--- Recorded data ---
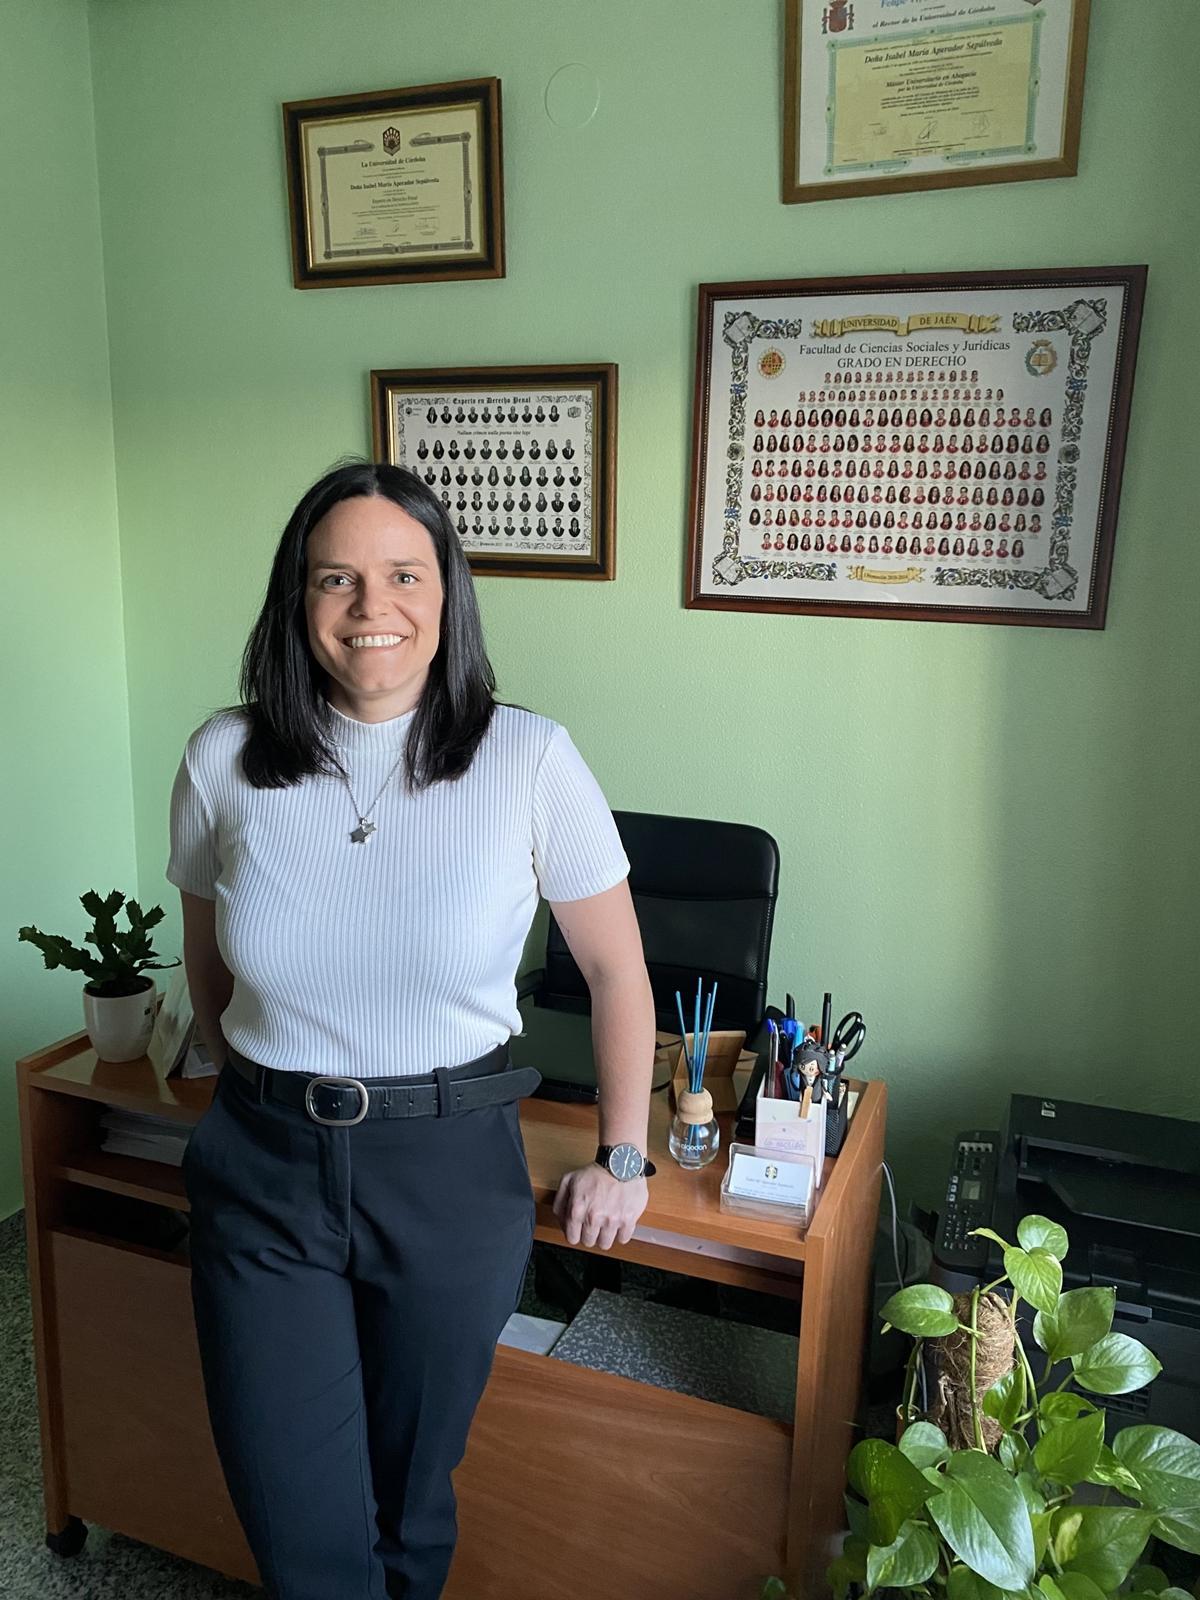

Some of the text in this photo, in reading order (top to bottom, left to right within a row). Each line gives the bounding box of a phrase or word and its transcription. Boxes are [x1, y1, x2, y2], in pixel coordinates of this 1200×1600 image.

[920, 11, 956, 21] Universidad
[864, 54, 882, 64] Doña
[885, 51, 906, 60] Isabel
[932, 44, 964, 55] Aperador
[966, 38, 1003, 50] Sepúlveda
[369, 159, 397, 167] Universidad
[844, 318, 898, 329] UNIVERSIDAD
[934, 316, 958, 325] JAÉN
[800, 340, 1010, 355] Facultad de Ciencias Sociales y Jurídicas
[837, 356, 966, 368] GRADO EN DERECHO

--- Work instruction ---
Repeat the records verbatim, excluding pictures.

--- Completed task ---
Some of the text in this photo, in reading order (top to bottom, left to right within a row). Each line gives the bounding box of a phrase or word and its transcription. Boxes are [x1, y1, x2, y2], in pixel coordinates of this 1200×1600 image.

[920, 11, 956, 21] Universidad
[864, 54, 882, 64] Doña
[885, 51, 906, 60] Isabel
[932, 44, 964, 55] Aperador
[966, 38, 1003, 50] Sepúlveda
[369, 159, 397, 167] Universidad
[844, 318, 898, 329] UNIVERSIDAD
[934, 316, 958, 325] JAÉN
[800, 340, 1010, 355] Facultad de Ciencias Sociales y Jurídicas
[837, 356, 966, 368] GRADO EN DERECHO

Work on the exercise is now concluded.